:: Activity ::
Your answer must be an exact copy of the records below, with no pictures in it.

─── Dataset excerpts

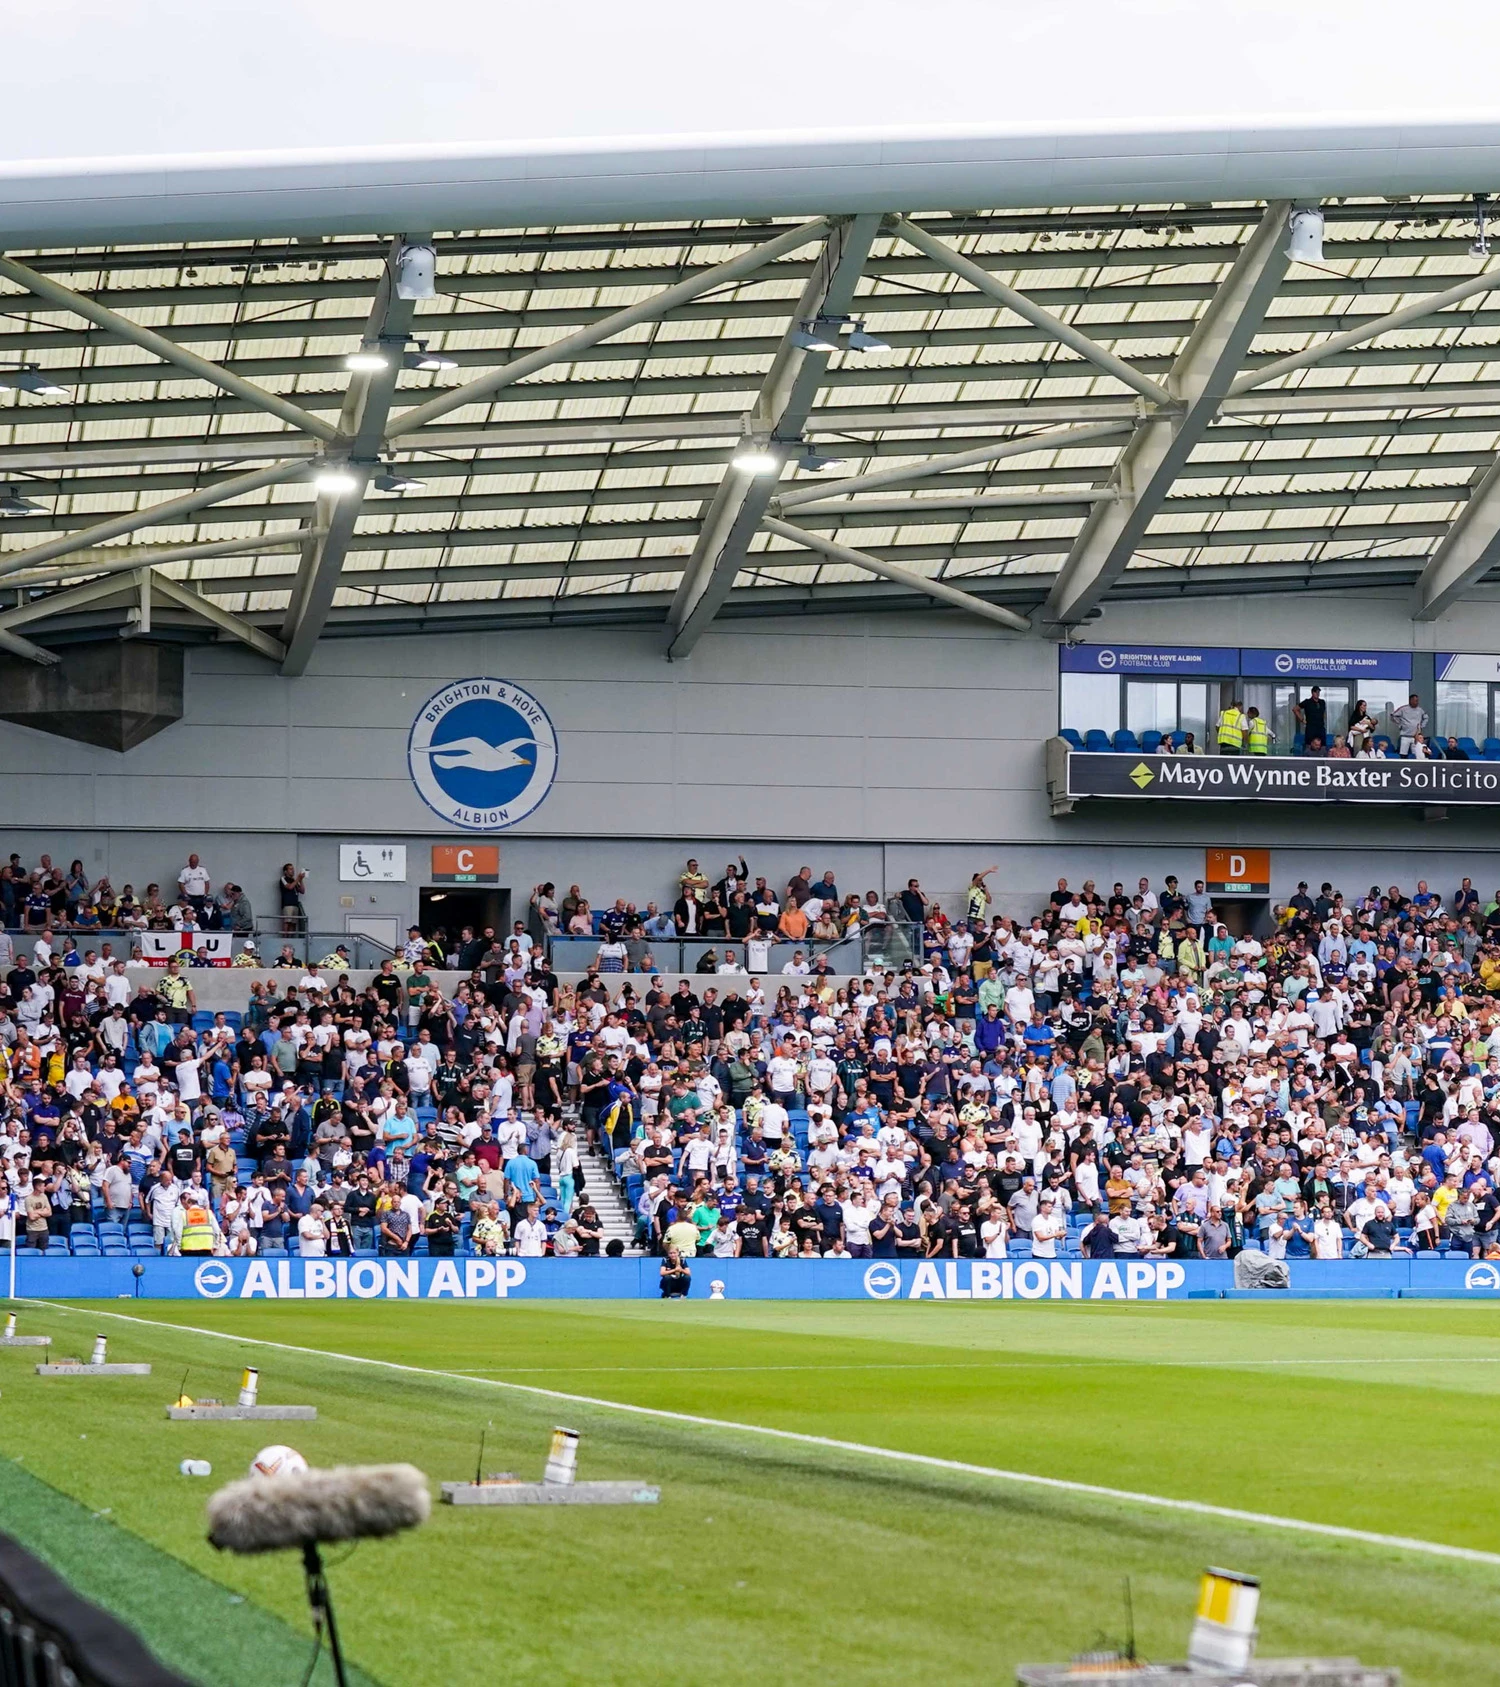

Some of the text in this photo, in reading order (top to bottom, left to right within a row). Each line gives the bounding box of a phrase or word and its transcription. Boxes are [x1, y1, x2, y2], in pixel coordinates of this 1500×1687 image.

[425, 684, 543, 725] BRIGHTON & HOVE
[1159, 762, 1224, 791] Mayo
[1228, 764, 1310, 792] Wynne
[1316, 765, 1391, 787] Baxter
[453, 808, 509, 824] ALBION
[458, 849, 474, 872] C
[1230, 855, 1246, 877] D
[155, 939, 219, 951] L U
[240, 1260, 526, 1298] ALBION APP
[908, 1262, 1185, 1299] ALBION APP

──────

:: Answer for the task ::
Some of the text in this photo, in reading order (top to bottom, left to right within a row). Each line gives the bounding box of a phrase or word and its transcription. Boxes are [x1, y1, x2, y2], in pixel coordinates of this 1500×1687 image.

[425, 684, 543, 725] BRIGHTON & HOVE
[1159, 762, 1224, 791] Mayo
[1228, 764, 1310, 792] Wynne
[1316, 765, 1391, 787] Baxter
[453, 808, 509, 824] ALBION
[458, 849, 474, 872] C
[1230, 855, 1246, 877] D
[155, 939, 219, 951] L U
[240, 1260, 526, 1298] ALBION APP
[908, 1262, 1185, 1299] ALBION APP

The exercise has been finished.